Bildar looked at him squarely. ‘I don’t know,’ he replied. ‘Perhaps you’re right. Perhaps you should just saddle your horse and ride south. See what happens.’
Farnor looked out of the window again. He was shaking inside.
How could he believe all this nonsense? Yet there was no doubt that Bildar and Edrien believed it, and presumably everyone else around here did so as well. As he looked at the sunlit leaves and branches beyond the window, they seemed to take on a menacing, purposeful motion of their own, and he seemed to sense countless eyes peering at him, watching his every movement. And ears listening to him. Listening to the hidden discourses of his mind. Worse, the sensation was not unfamiliar.
He looked away sharply. He must not allow Bildar and Edrien’s strange beliefs, however sincere, to infect him. It would be at best discourteous and at worst perhaps downright dangerous to mock their ideas, but equally it would be madness to allow himself to be drawn into believing them himself. What he needed now was plain, simple common sense.
But even as he reasoned thus, he remembered the distant voices that he himself had heard in the recent past; voices that were full of many emotions, and that seemed to belong to a great family; voices that he knew were from somewhere beyond him, just as surely as was his contact with the creature.
Then he recalled the voices that had urged him to flee from the woods. And that had directed him away from the valley! Had directed him to the north! And in the wake of these exploded the memory of those he had heard as he lay half awake, half asleep, in the root room.
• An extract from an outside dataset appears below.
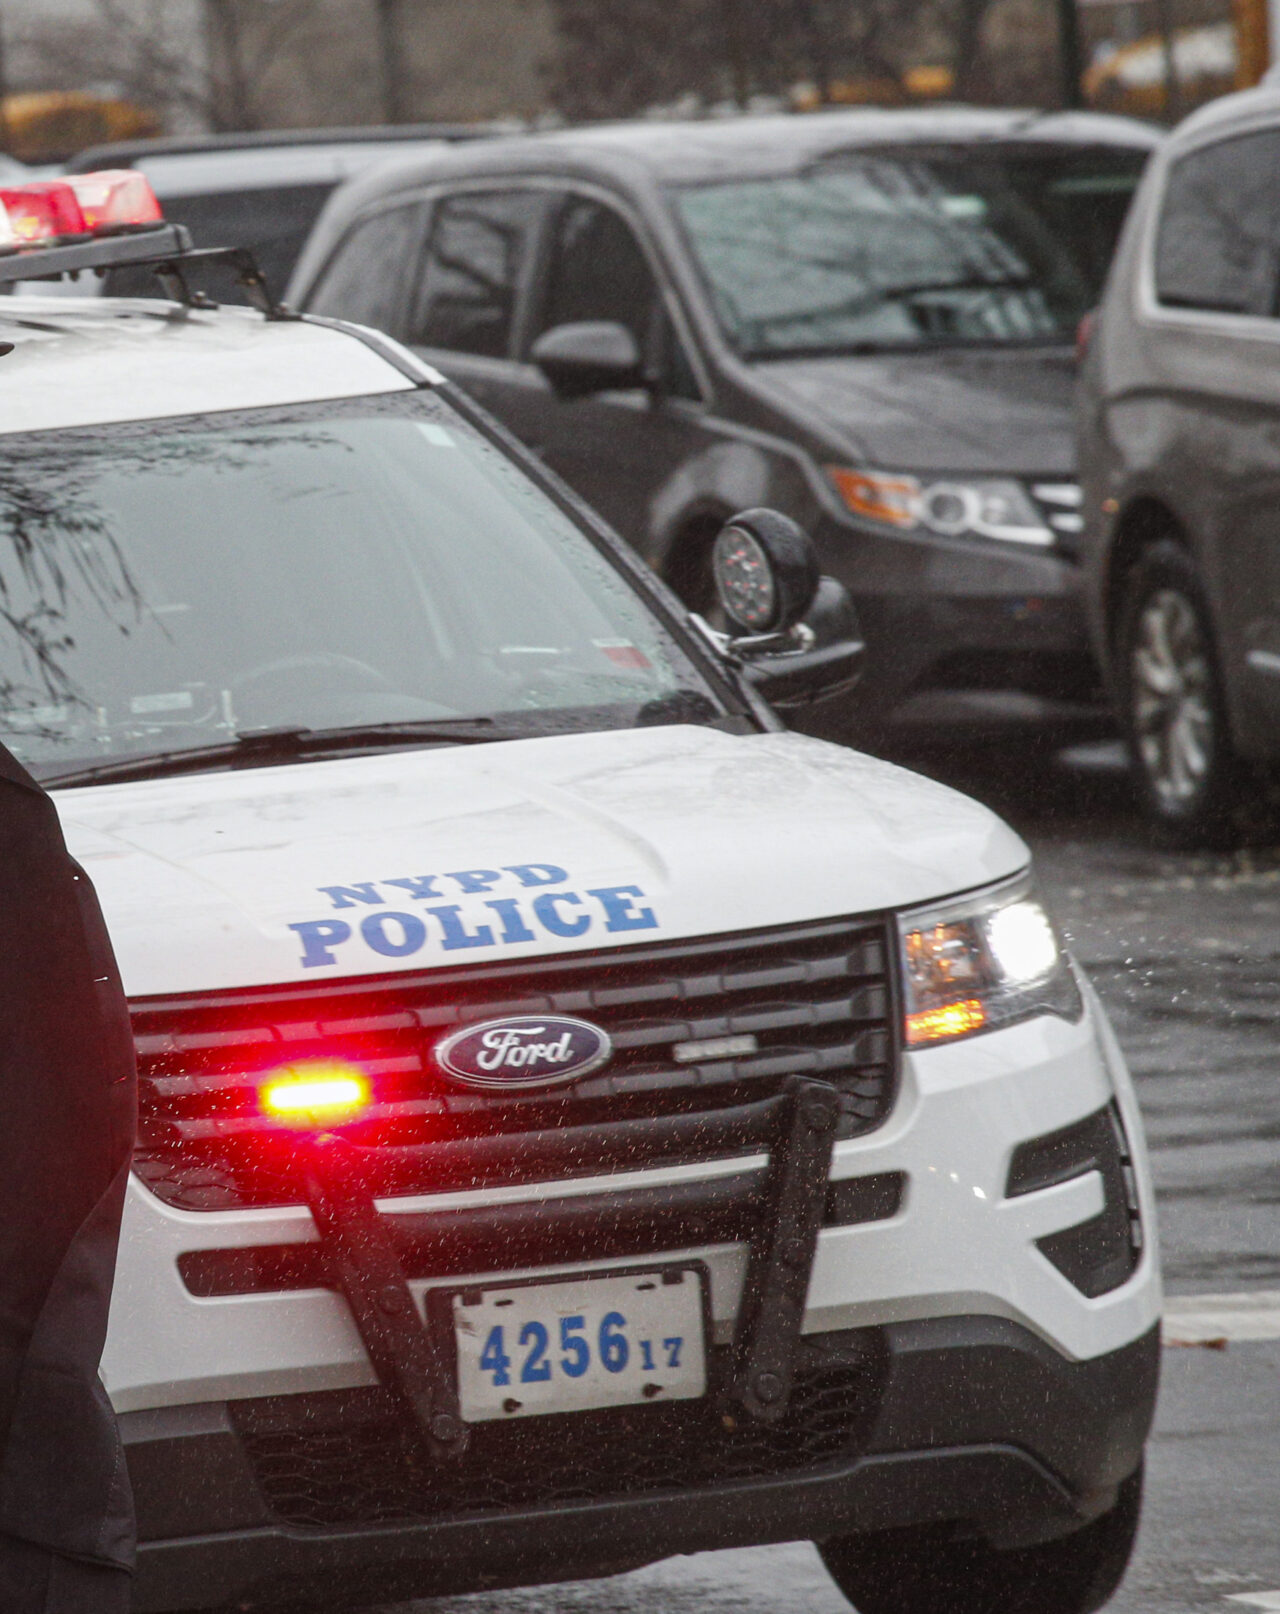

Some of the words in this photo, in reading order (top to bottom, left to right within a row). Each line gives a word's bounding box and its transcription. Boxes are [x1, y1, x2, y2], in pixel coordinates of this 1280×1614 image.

Voices that had given him a fearful, giddying, perspec-tive of countless ages gone and yet still present, as they judged him in some way.
‘He can Hear us even now.’ Such depths of meaning resonated in that word, Hear.
‘… never been such a one before.’ Deeply puzzled, awe-stricken, almost.
Dismissive. ‘… but a solitary Mover. And a sapling.’
A sapling!
‘What’s a Mover?’ he asked Bildar sharply.
Bildar started at the unexpectedness of the question, and Farnor heard Edrien catch her breath.
‘Why?’ Bildar asked.
‘What’s a Mover?’ Farnor repeated.
‘Where did you hear the word?’
‘What does it mean?’ Farnor insisted.
There was a short silence in which Farnor and Bildar stared at one another.
‘It’s what they call us.’ The answer came from Edrien.
She echoed Bildar’s question. ‘Where did you hear it?’
Farnor could feel the blood mounting to his face. He blustered. ‘I… I heard it from one… one of the people we met when we were coming here.’
Edrien and Bildar exchanged glances, then Edrien shook her head. ‘It’s not a word we use,’ she said. ‘The only people who’d call us Movers are children in their games, and Hearers, when they’re telling of some particularly significant Hearing.’ She stepped towards Farnor and looked him squarely in the eye. ‘Where did you hear it?’ she demanded.
Farnor was reminded of Marna’s inexorable curios-ity. This, he could contend with… for some time, at least.